Cesium dodecaborate is one of many known salts of polyborane anions. The dodecaborate anion has the shape of a regular octahedron, one of the five platonic solids. Dodecaborate is isoelectronic with dodecahedrane, the Molecule of the Week for February 22, 2021.

In 1960, Anthony R. Pitochelli and M. Frederick Hawthorne1 at Rohm and Haas’s Redstone Arsenal Research Division (Huntsville, AL) prepared small amounts of some dodecaborate salts. The salts contained trimethylammonium, potassium, and triphenylmethylphosphonium cations.

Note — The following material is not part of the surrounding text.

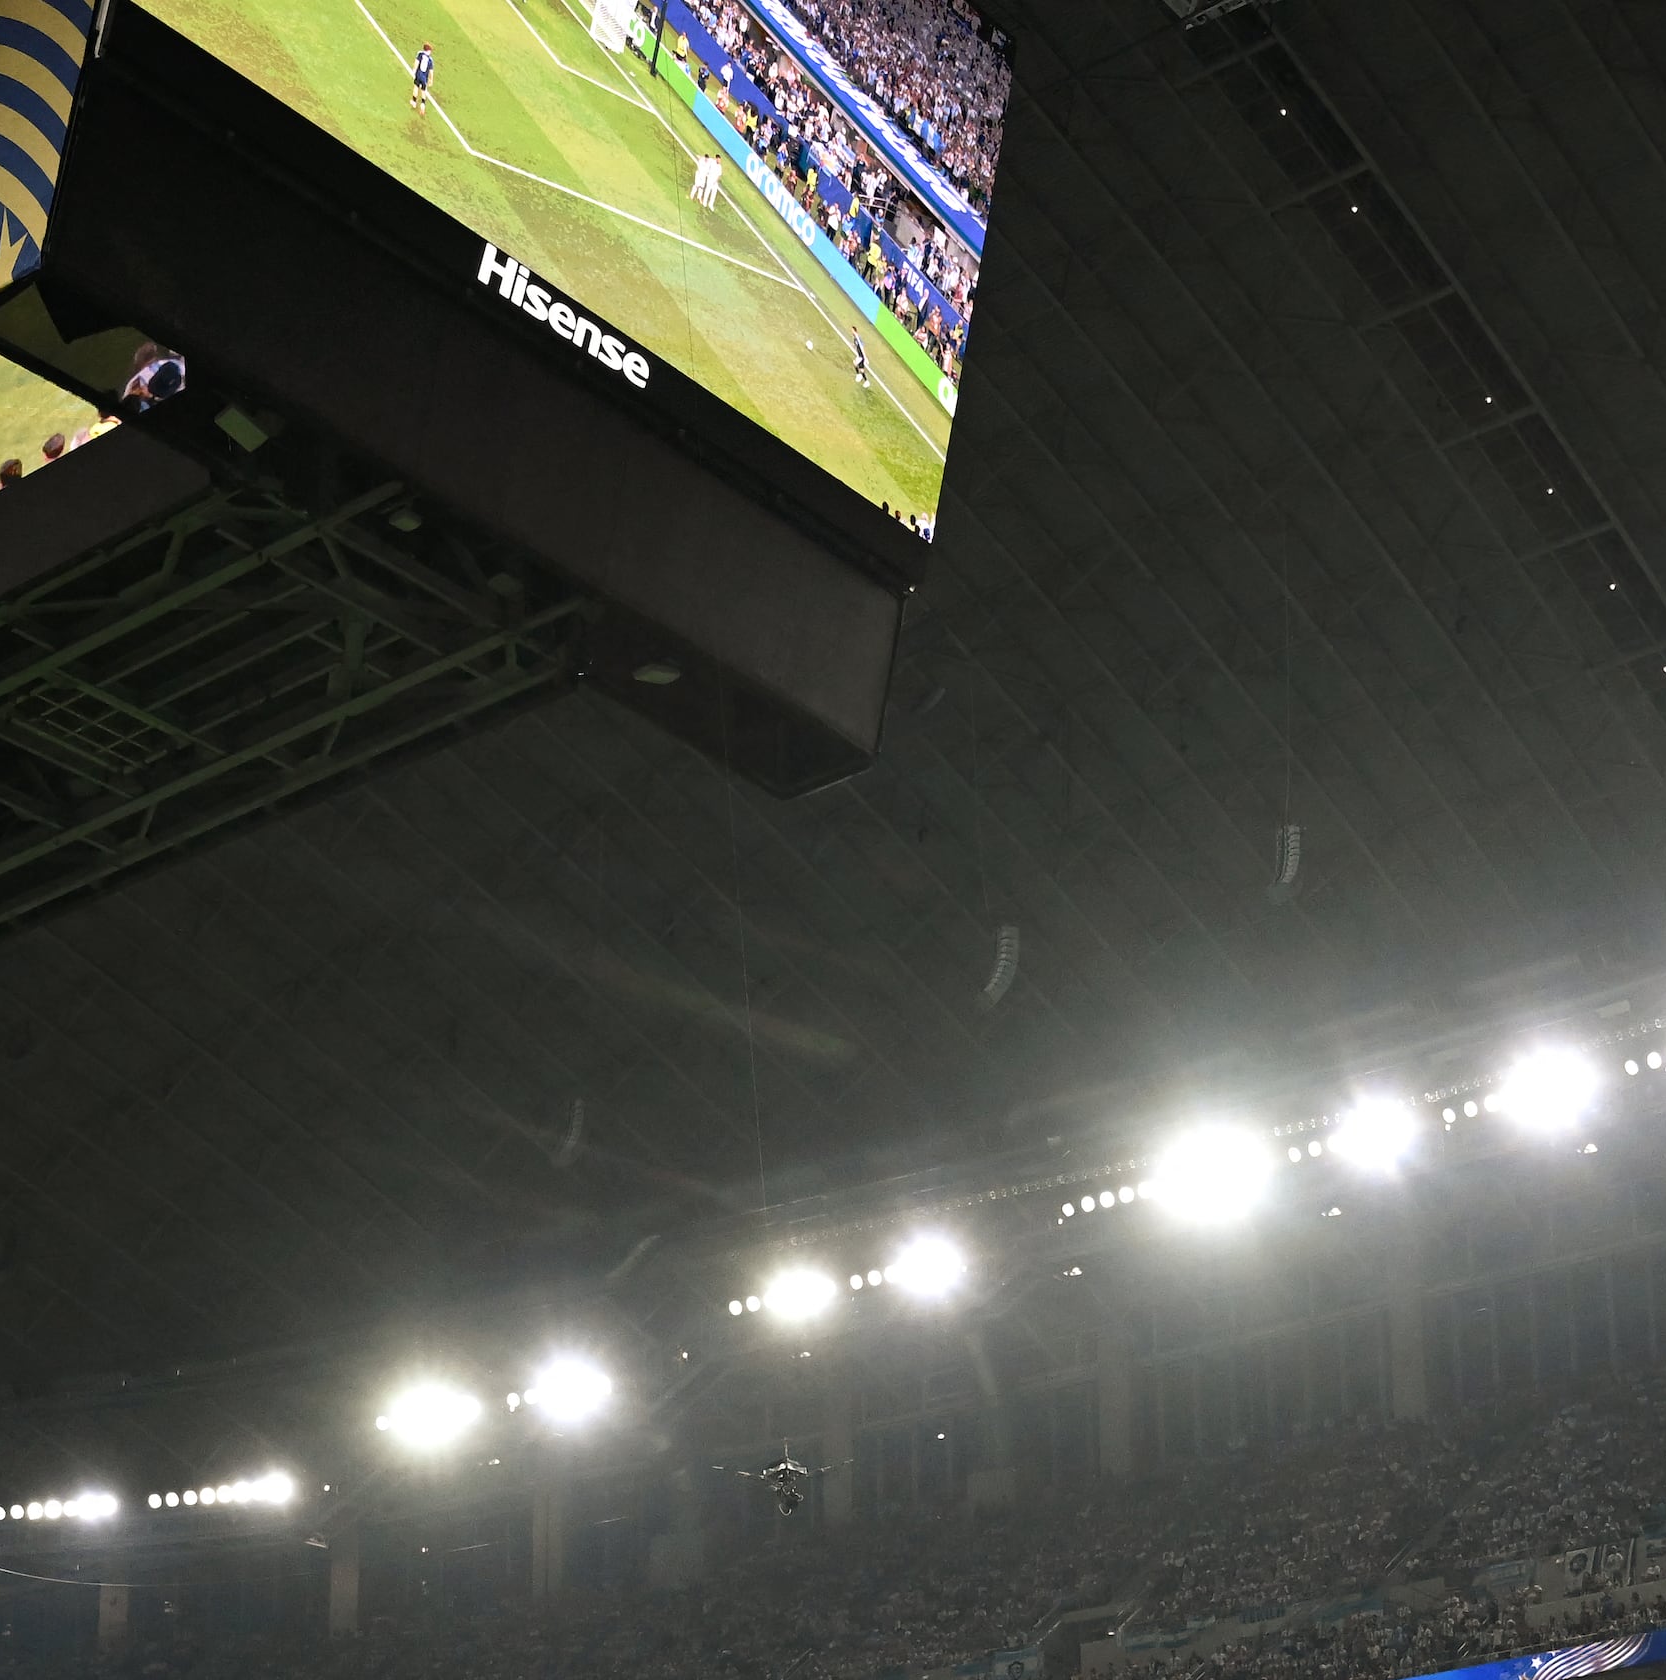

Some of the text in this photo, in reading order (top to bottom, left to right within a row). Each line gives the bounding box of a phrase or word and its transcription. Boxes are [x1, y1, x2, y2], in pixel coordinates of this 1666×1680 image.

[745, 152, 816, 247] aramco
[476, 242, 650, 389] Hisense
[903, 260, 925, 298] FIFA

Later in the decade, Henry C. Miller and Earl L. Muetterties at Du Pont (Wilmington, DE), developed a synthesis of the cesium salt. As described in the 1967 book Borane Anions2, the synthesis begins with the reaction of sodium borohydride (NaBH4) with boron trifluoride (BF3) to produce the triborate NaB3H8. The triborate is then pyrolyzed to give a mixture that includes sodium dodecaborate. The desired anion is obtained by precipitating it as the cesium salt.

Thomas Schlied and co-workers at the University of Stuttgart (Germany) published the crystal structure of cesium dodecaborate in 2000. The crystals are colorless, face-rich cubic with B–B distances of 178 pm and B–H distances of 112 pm. Each cesium ion is in contact with 12 hydrogen atoms, each at a distance of 313 pm.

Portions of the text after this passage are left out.